La técnica que cambia la forma del hombre, su naturaleza, relativiza también los valores morales que se refieren al hombre tal como lo conocemos ahora. El hombre del futuro, que podemos sólo imaginar como "análogo" de algún modo al que existe hoy, tendrá valores distintos. La conciencia moral pasa a depender del progreso tecnológico. Ese progreso se afirma, desde ya, capaz de eliminar las diferencias que han marcado la historia de la humanidad, las que existen entre el hombre y la mujer, entre hombre y animal, entre natural y artificial. El resultado es un "tercer género", un híbrido, una especia de coincidentia oppositorum. Una revolución que hace saltar por los aires todas las categorías morales.
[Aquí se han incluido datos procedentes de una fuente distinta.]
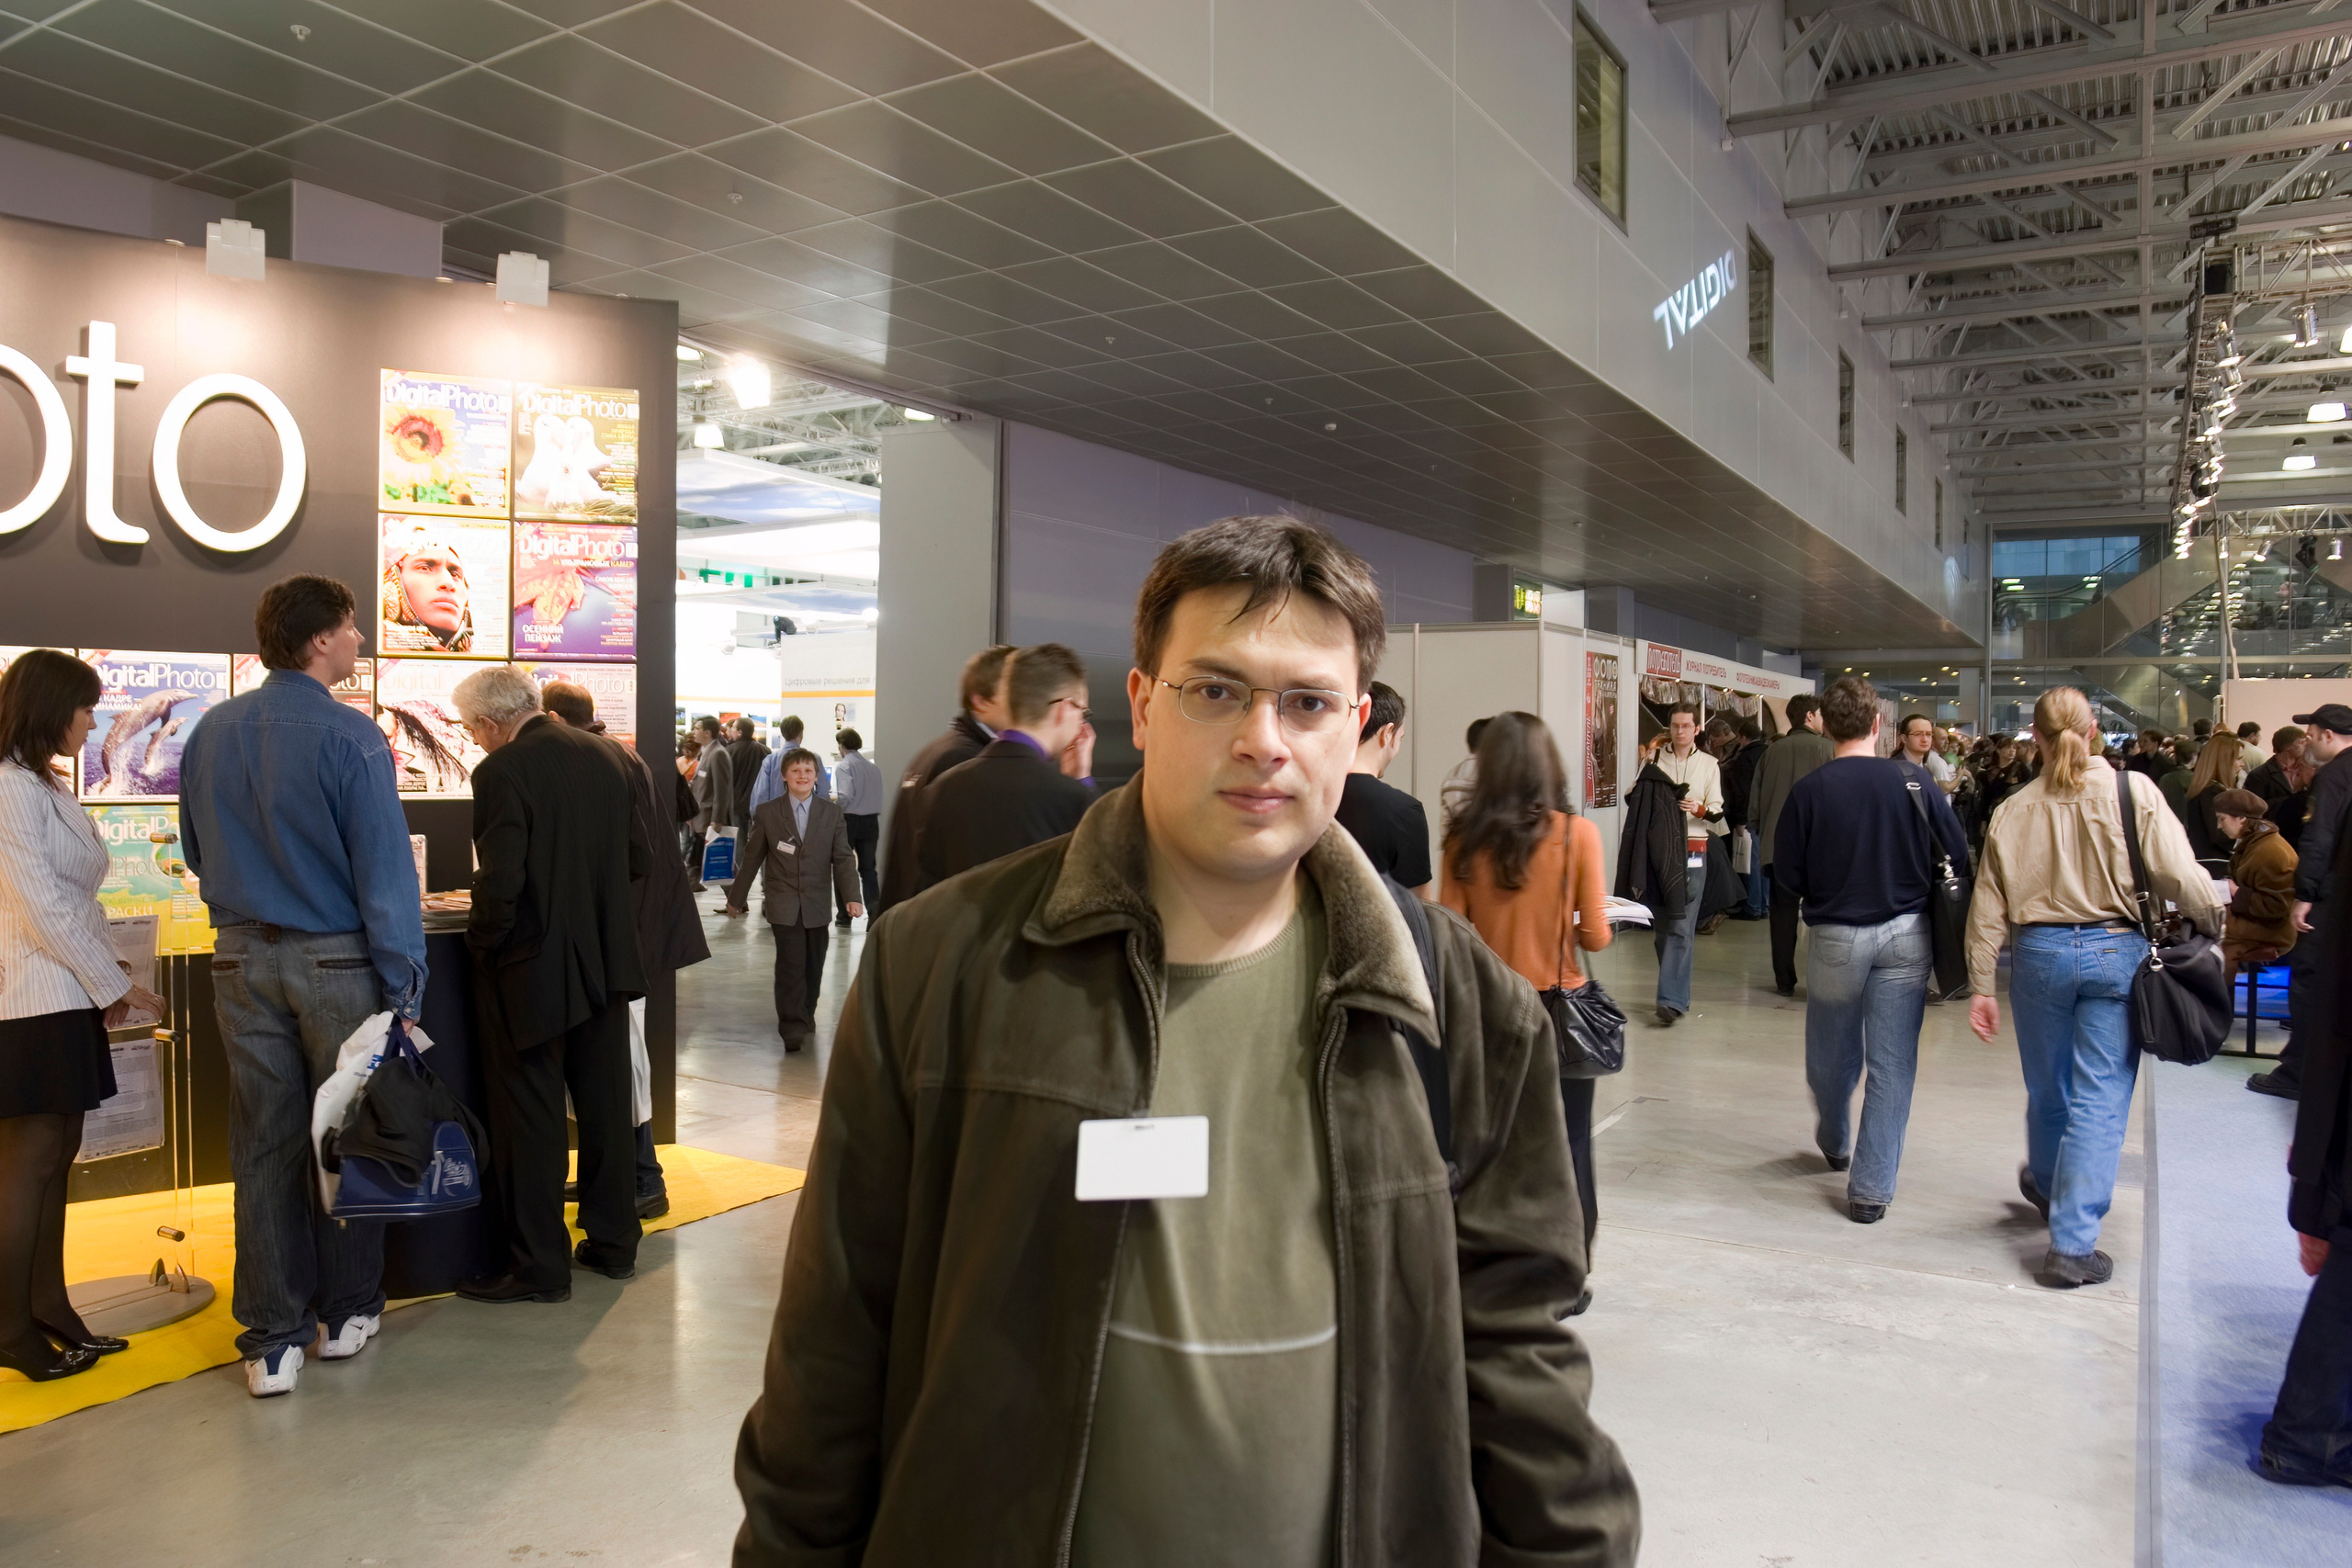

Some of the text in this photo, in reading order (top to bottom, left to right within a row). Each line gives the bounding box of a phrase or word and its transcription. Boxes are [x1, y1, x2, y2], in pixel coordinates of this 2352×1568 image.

[386, 381, 499, 412] DigitalPhoto
[523, 393, 628, 419] DigitalPhoto
[518, 534, 625, 560] DigitalPhoto
[522, 623, 564, 634] ОСЕННИЙ
[524, 632, 562, 643] ПЕЙЗАЖ
[785, 676, 870, 687] Цифровые решения для
[103, 694, 132, 703] КАДРЕ
Lo que mueve, de forma aparentemente irresistible, la técnica actual es por tanto la negación de la naturaleza como ámbito inmutable. La naturaleza es, por el contrario, "metamorfosis", un continuo cambio de forma por obra de una técnica que, como reconoce justamente Emmanuele Severino, se ha convertido en el sucedáneo de la fe. Técnica y nihilismo: es la esencia del positivismo de hoy. No es correcto llamarlo "naturalismo" porque la razón, lejos de aceptar la naturaleza, tiende aquí a rechazarla y sólo reconoce aquello que es de su "producción". La razón puramente técnica es una razón sin "logos", sin un orden objetivo del mundo. De ahí la crítica de Habermas, último heredero de la Escuela de Frankfurt, a esta "razón instrumental". Y sobre esta línea se sitúa el discurso de Benedicto XVI. La recuperación de la idea de "naturaleza" humana no es hoy una idea pasada de moda. Es un punto de defensa de lo humano frente a un proceso de mercantilización de lo humano que no conoce límites.